Annotated photo localization data ▸
☆ ☆ ☆ ☆ ☆ ☆ ☆
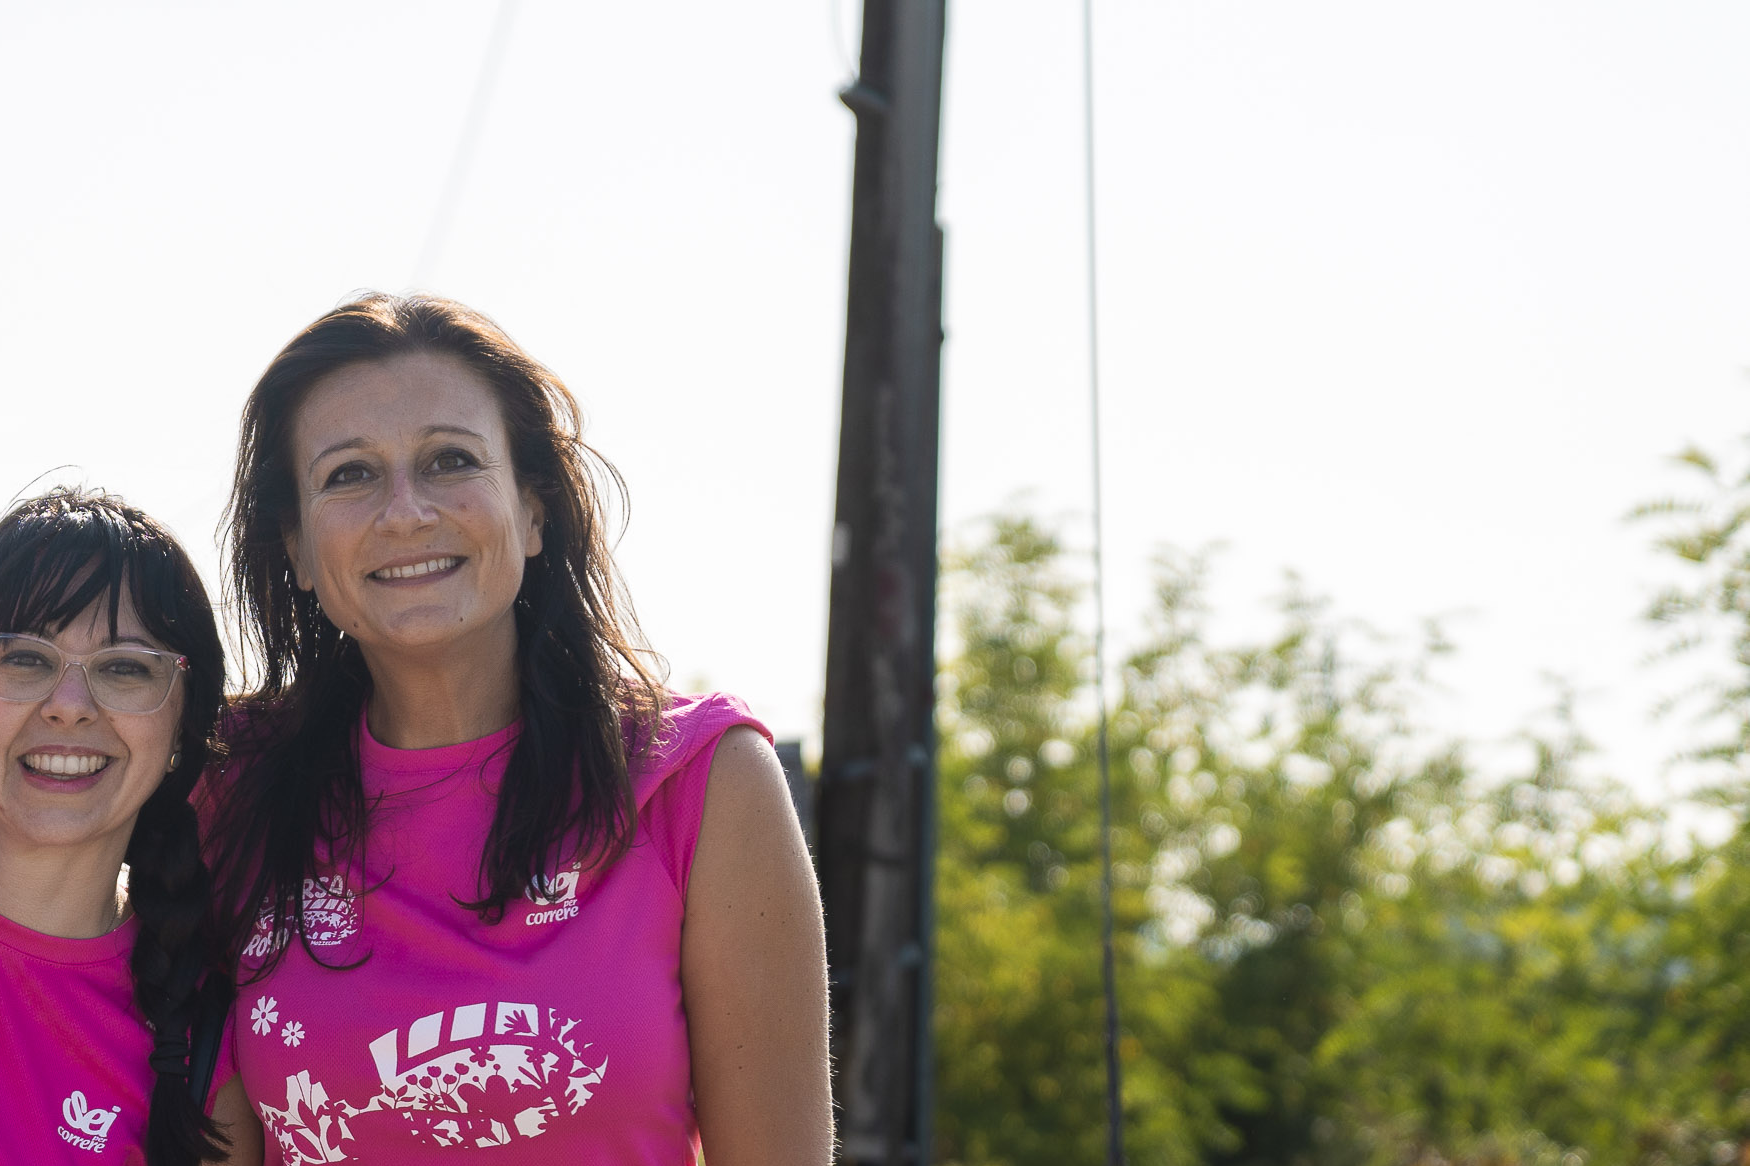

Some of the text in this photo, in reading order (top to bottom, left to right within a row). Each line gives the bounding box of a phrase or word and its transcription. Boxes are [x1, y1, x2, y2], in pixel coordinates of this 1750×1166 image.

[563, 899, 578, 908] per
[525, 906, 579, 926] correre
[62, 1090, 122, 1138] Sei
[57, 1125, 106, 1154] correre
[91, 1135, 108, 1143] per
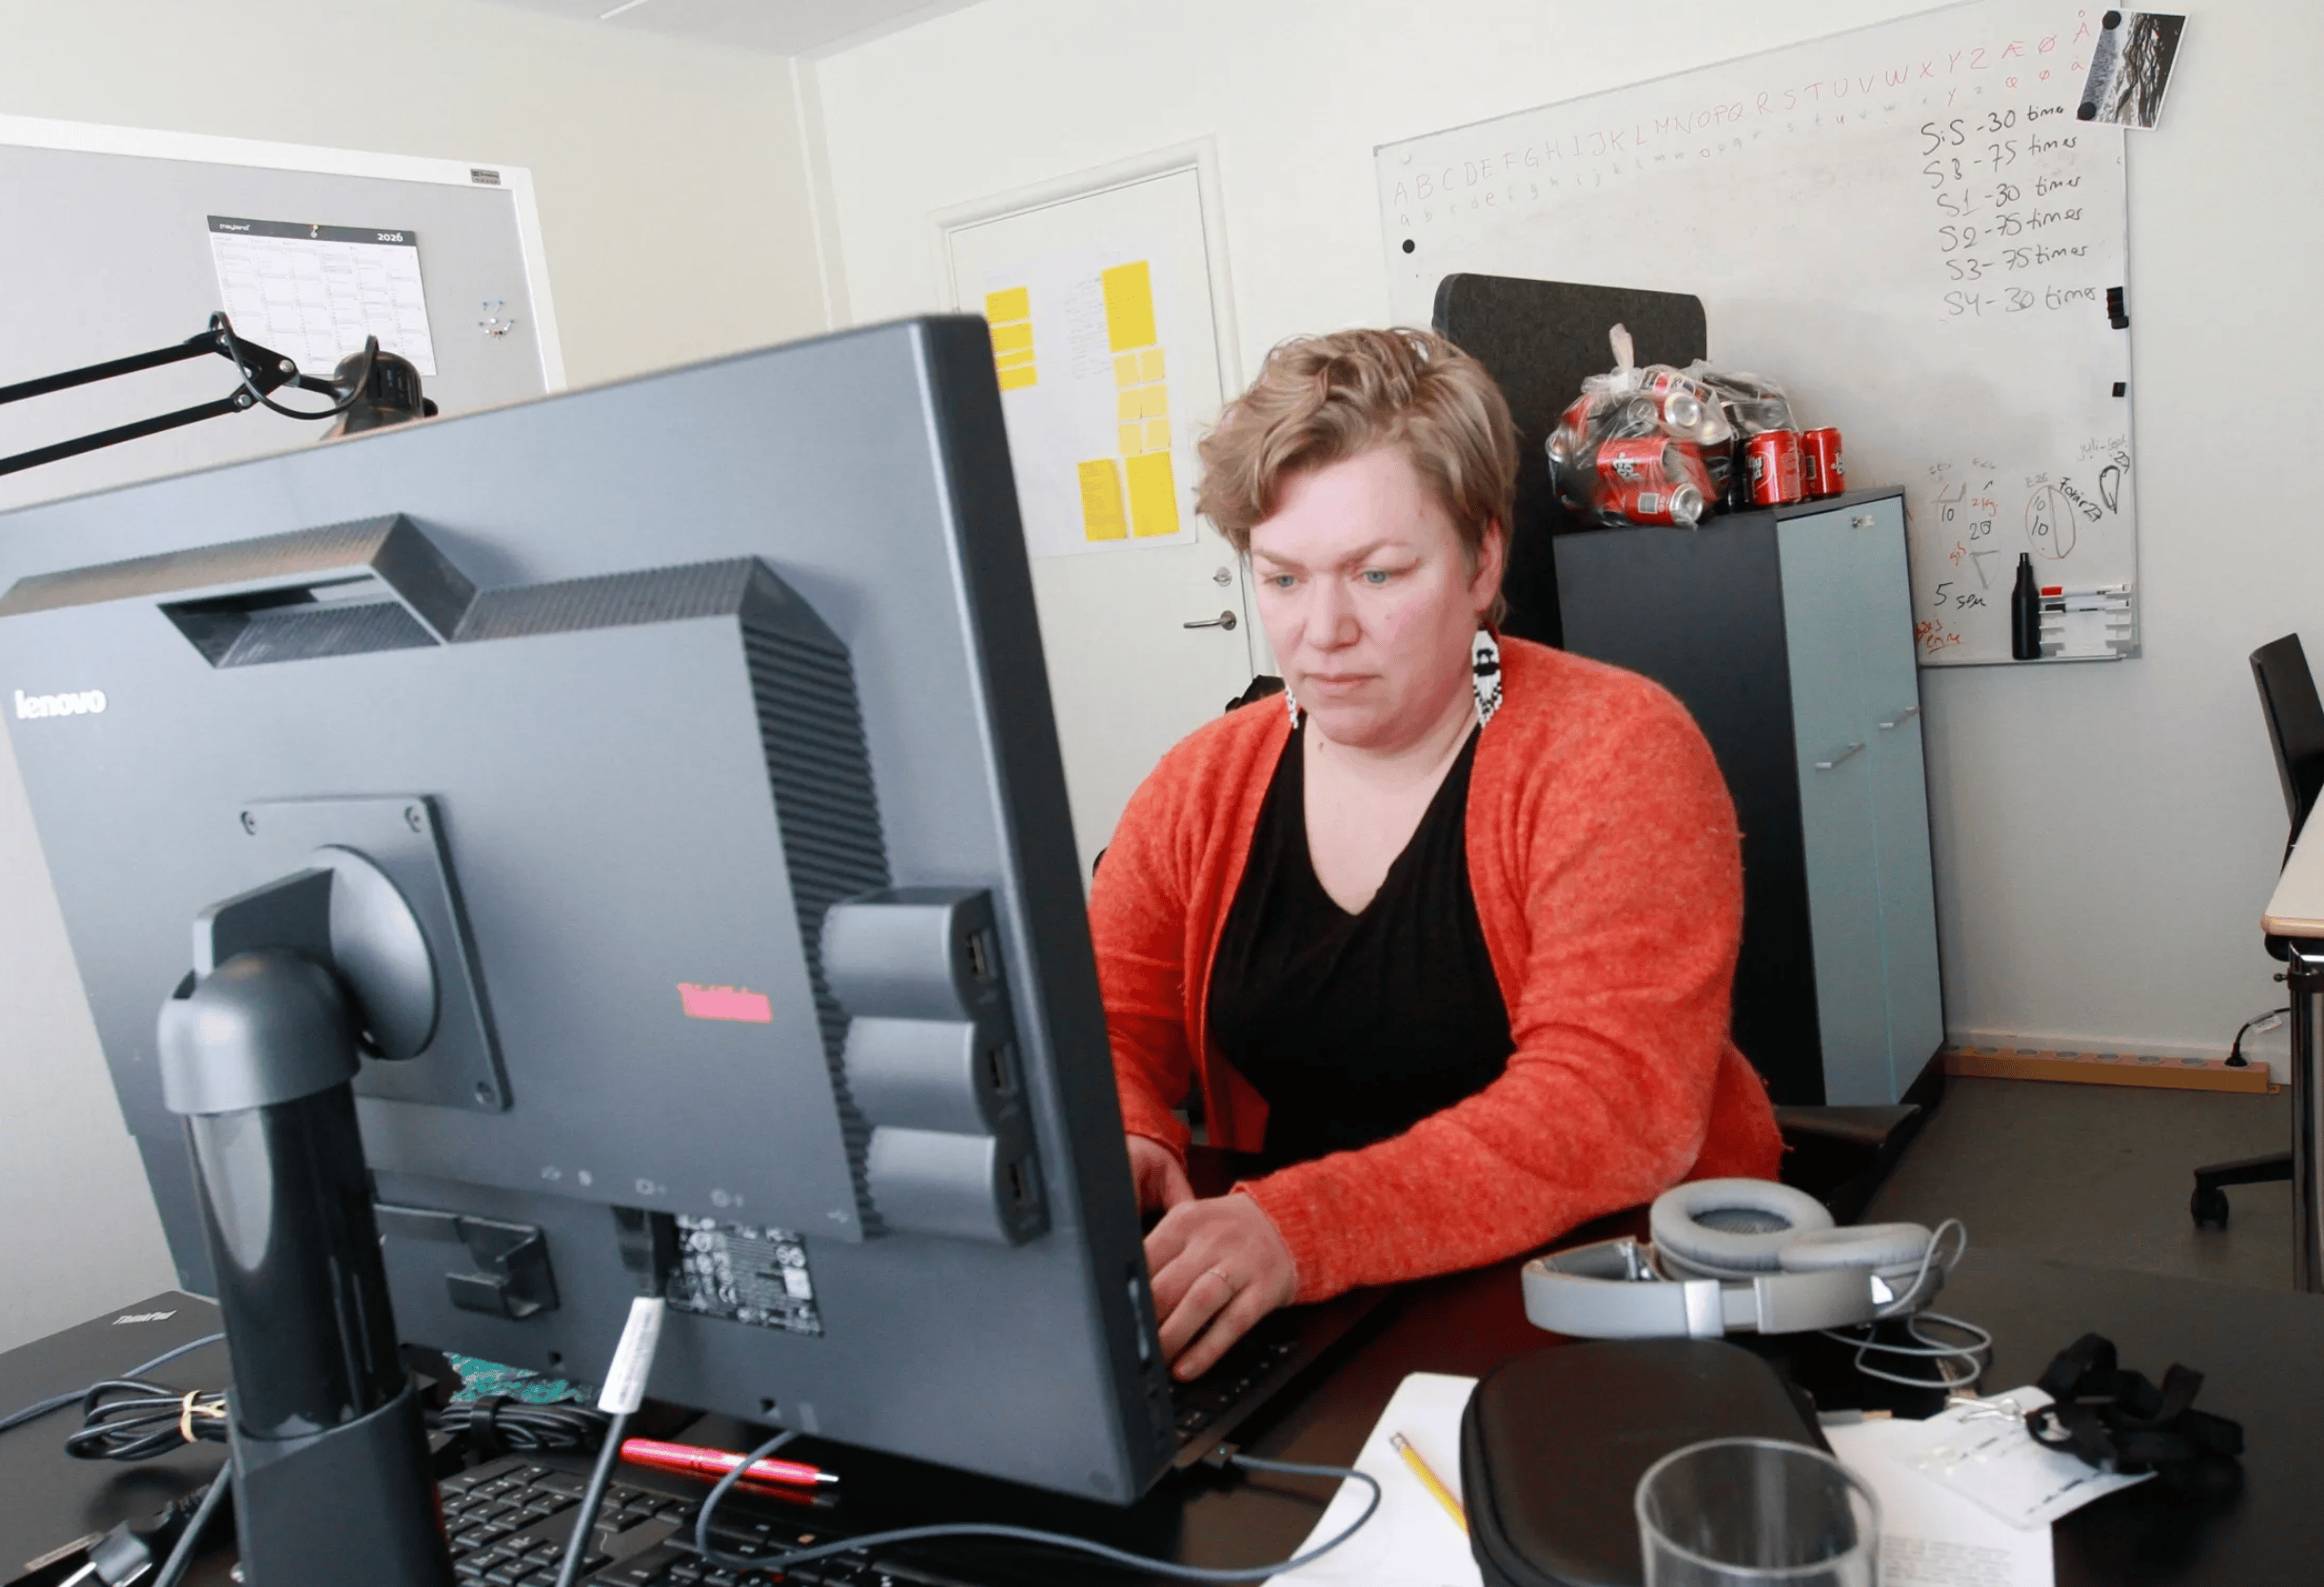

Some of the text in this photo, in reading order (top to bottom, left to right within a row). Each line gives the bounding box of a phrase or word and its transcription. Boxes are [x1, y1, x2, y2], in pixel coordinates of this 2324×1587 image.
☆ ☆ ☆ ☆ ☆ ☆ ☆
In your copy, repeat the records above exactly and include no images.

Some of the text in this photo, in reading order (top to bottom, left to right within a row). Each line gives the bounding box of a phrase or word and its transcription. Boxes are [x1, y1, x2, y2], in pixel coordinates of this 1750×1166 image.

[563, 899, 578, 908] per
[525, 906, 579, 926] correre
[62, 1090, 122, 1138] Sei
[57, 1125, 106, 1154] correre
[91, 1135, 108, 1143] per

Some of the text in this photo, in reading order (top to bottom, left to right within a row). Each line gives the bounding box of a phrase or word and its transcription. Boxes are [x1, y1, x2, y2], in pixel coordinates of this 2324×1587 image.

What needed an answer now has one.